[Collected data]
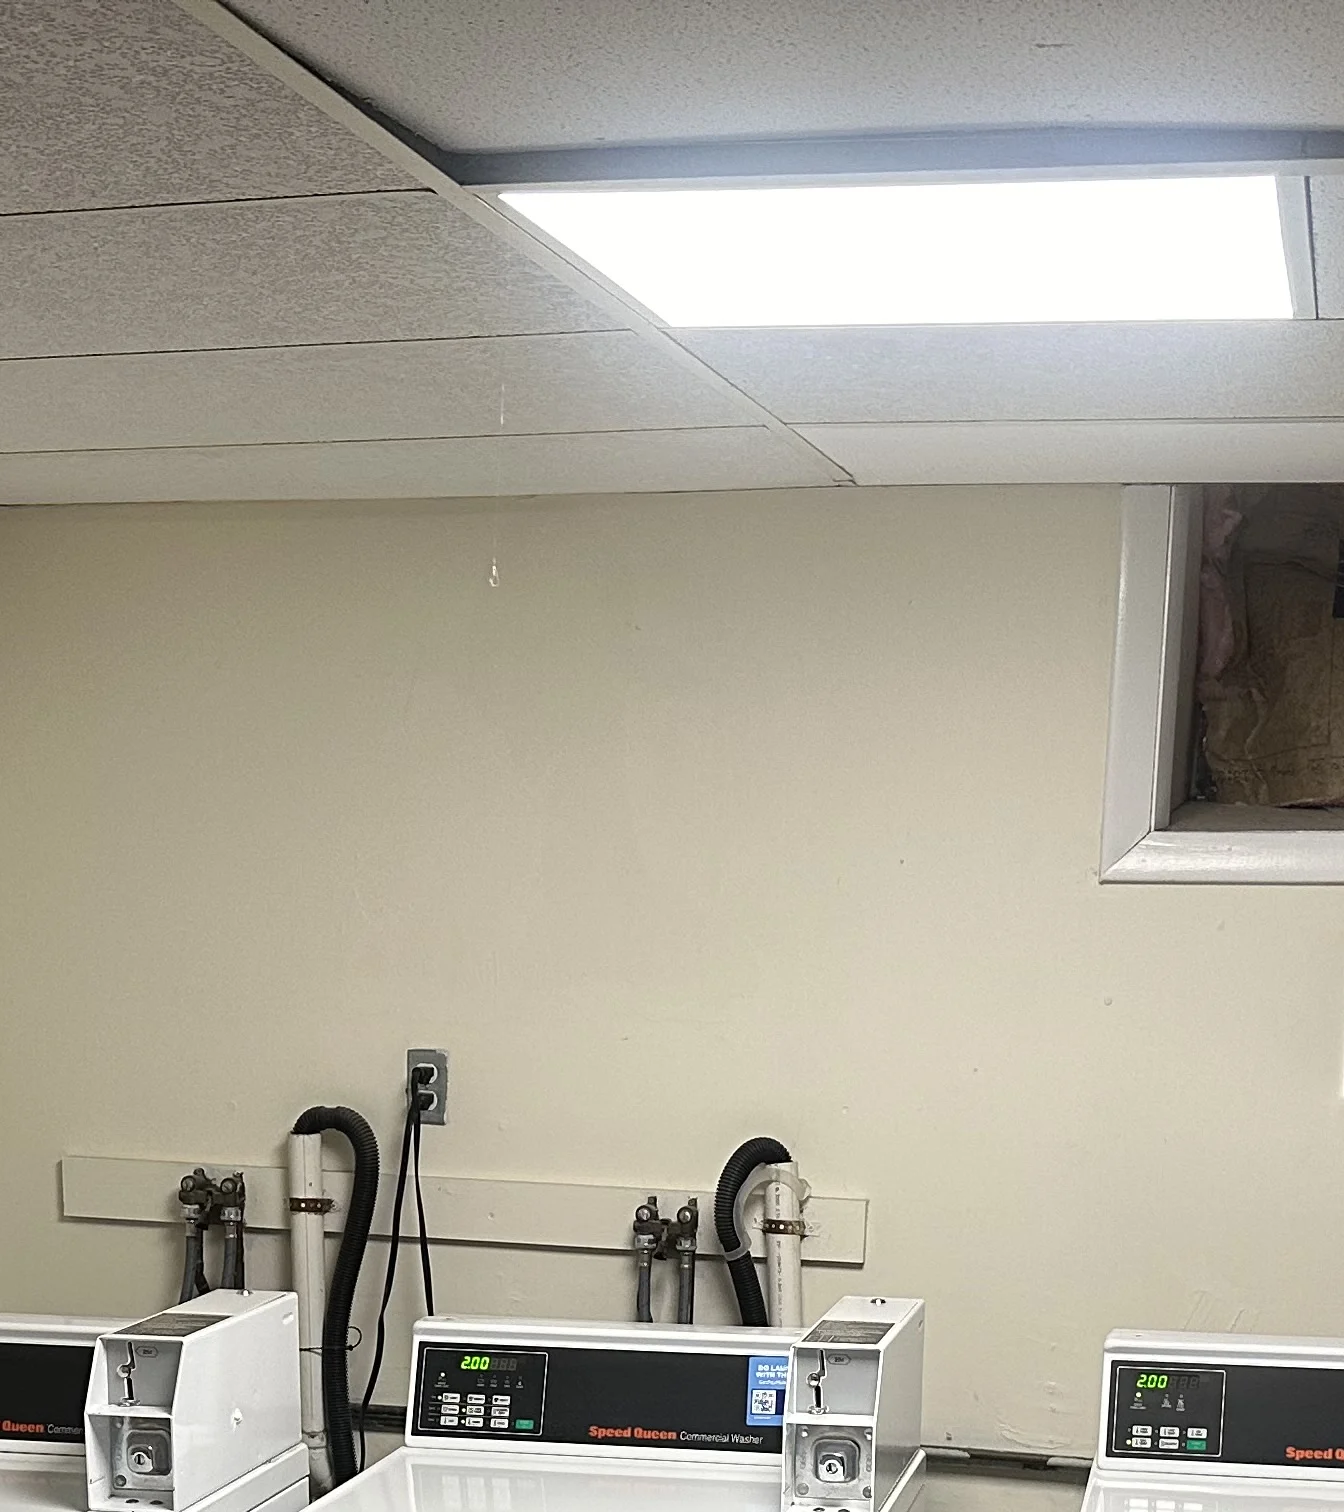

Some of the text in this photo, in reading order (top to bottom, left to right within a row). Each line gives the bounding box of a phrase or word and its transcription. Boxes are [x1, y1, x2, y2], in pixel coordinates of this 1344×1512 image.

[2, 1420, 44, 1434] Queen
[47, 1423, 84, 1436] Commer
[589, 1425, 763, 1444] Speed Queen Commercial Washer
[1286, 1446, 1333, 1460] Speed
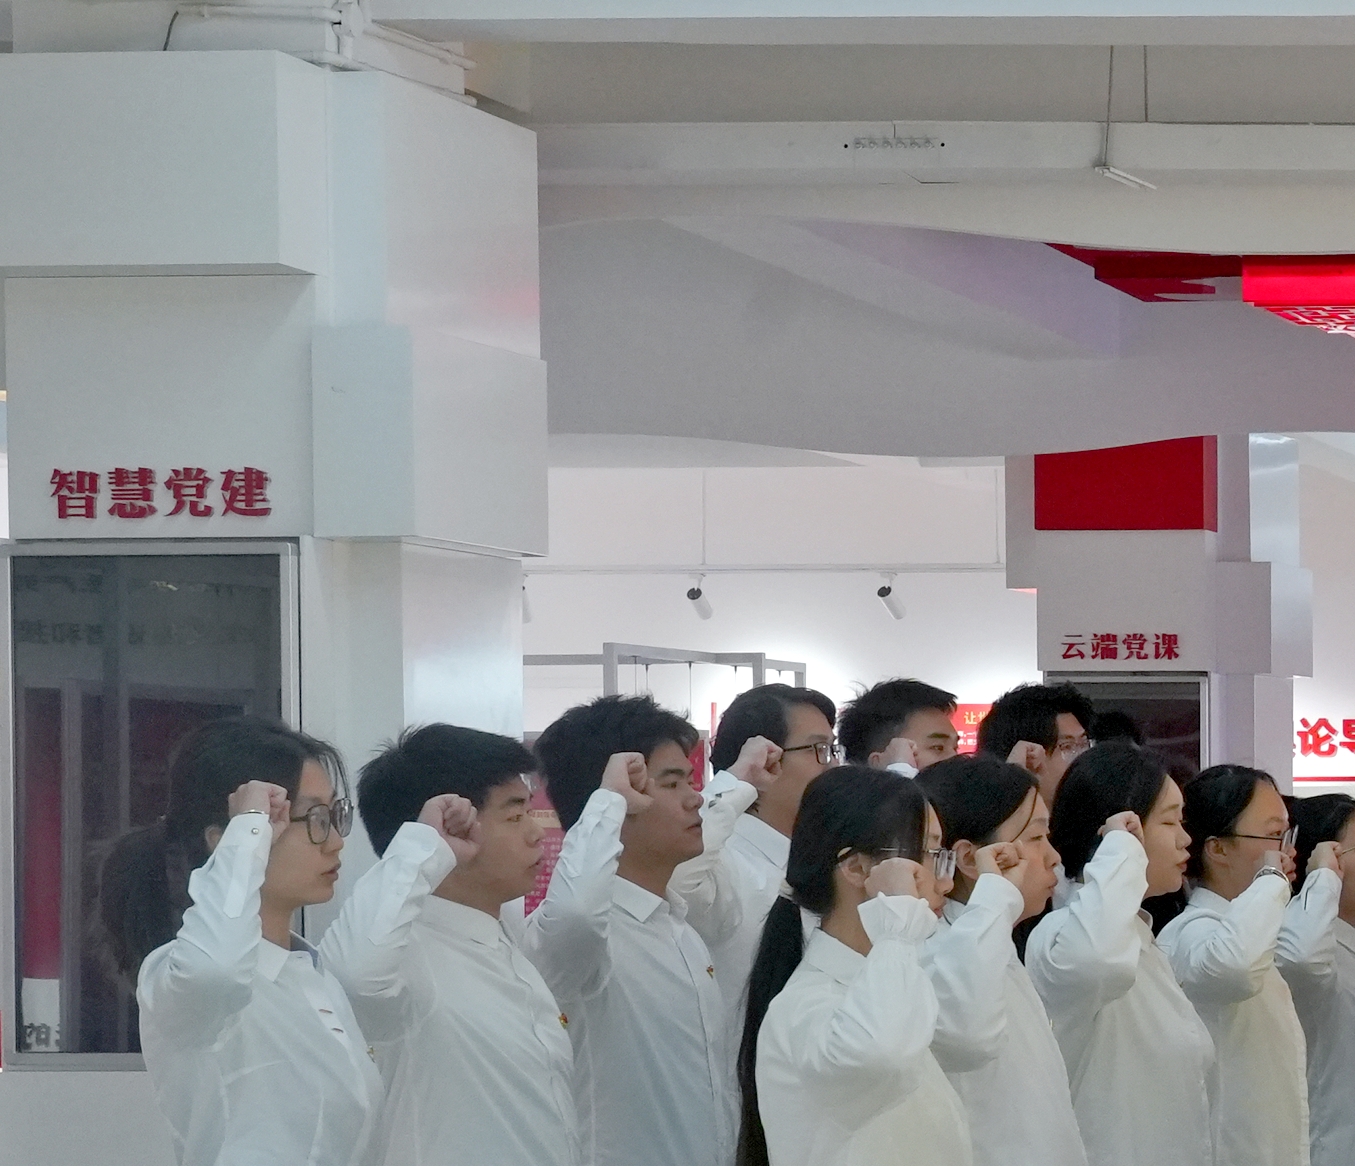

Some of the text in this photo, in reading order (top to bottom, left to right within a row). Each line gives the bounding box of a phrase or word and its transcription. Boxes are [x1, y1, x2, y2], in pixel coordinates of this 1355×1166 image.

[50, 466, 272, 519] 智慧党建
[1061, 633, 1180, 660] 云端党课
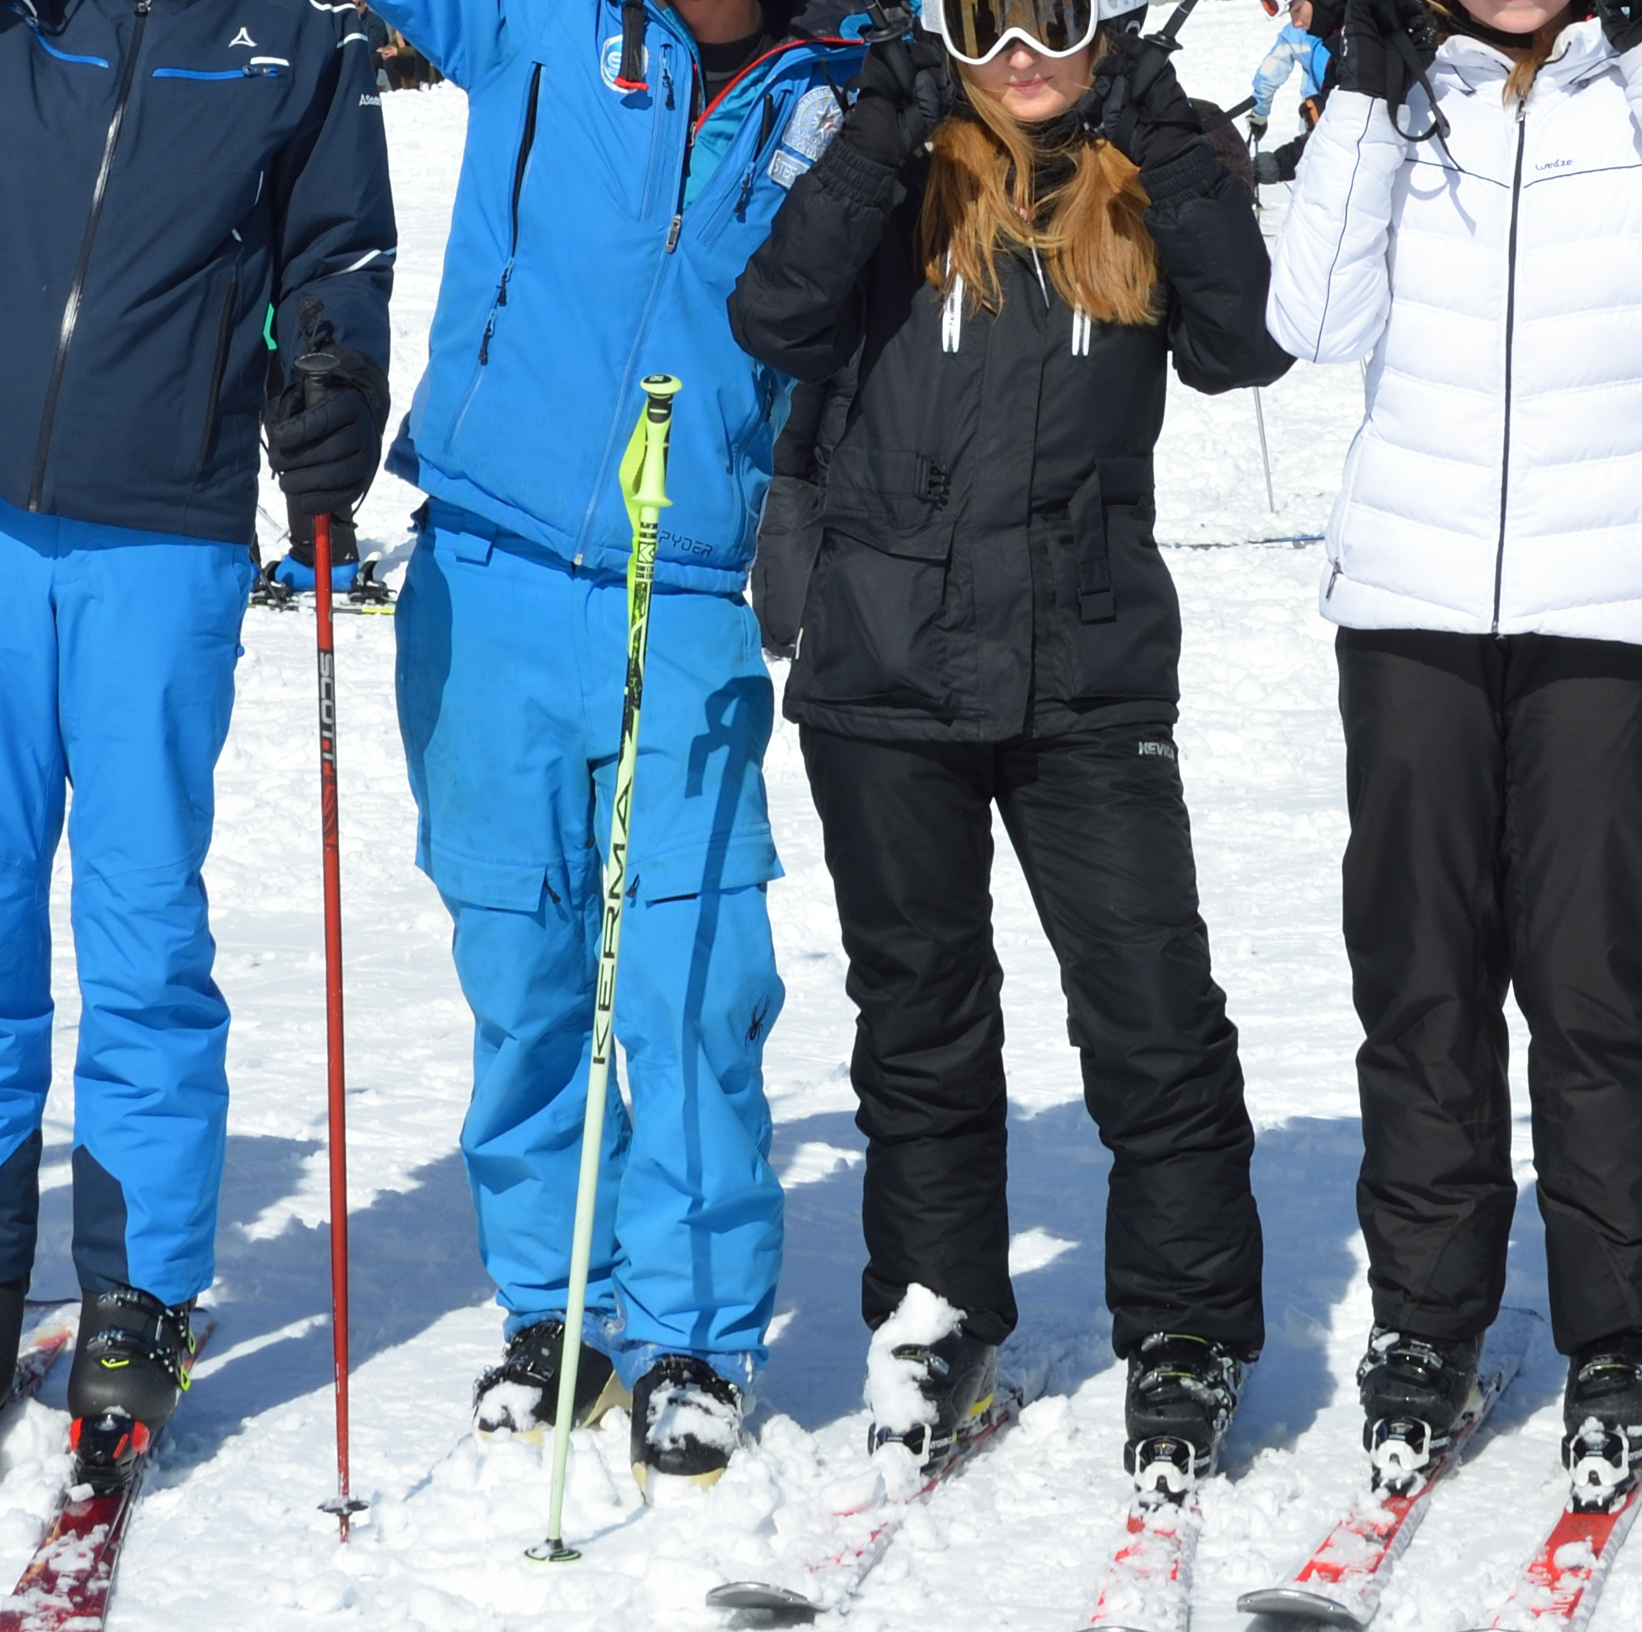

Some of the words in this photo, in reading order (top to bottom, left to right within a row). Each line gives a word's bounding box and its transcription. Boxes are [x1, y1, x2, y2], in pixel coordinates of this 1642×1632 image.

# [EXERCISE AIM]
Quote all the lines above exactly as given. Do not include the pictures.

# [RESULT OF THIS EXERCISE]
Some of the text in this photo, in reading order (top to bottom, left to right within a row). Each line gives the bounding box of a phrase or word and its transcription. Boxes are [x1, y1, x2, y2], in pixel coordinates of this 1344×1512 image.

[2, 1420, 44, 1434] Queen
[47, 1423, 84, 1436] Commer
[589, 1425, 763, 1444] Speed Queen Commercial Washer
[1286, 1446, 1333, 1460] Speed

Some of the text in this photo, in reading order (top to bottom, left to right within a row). Each line gives the bounding box of a phrase or word and its transcription. Boxes are [x1, y1, x2, y2], in pixel coordinates of this 1355×1166 image.

[50, 466, 272, 519] 智慧党建
[1061, 633, 1180, 660] 云端党课

Some of the words in this photo, in reading order (top to bottom, left to right within a row). Each line gives a word's bounding box and its transcription. Boxes are [x1, y1, x2, y2], in pixel coordinates of this 1642×1632 image.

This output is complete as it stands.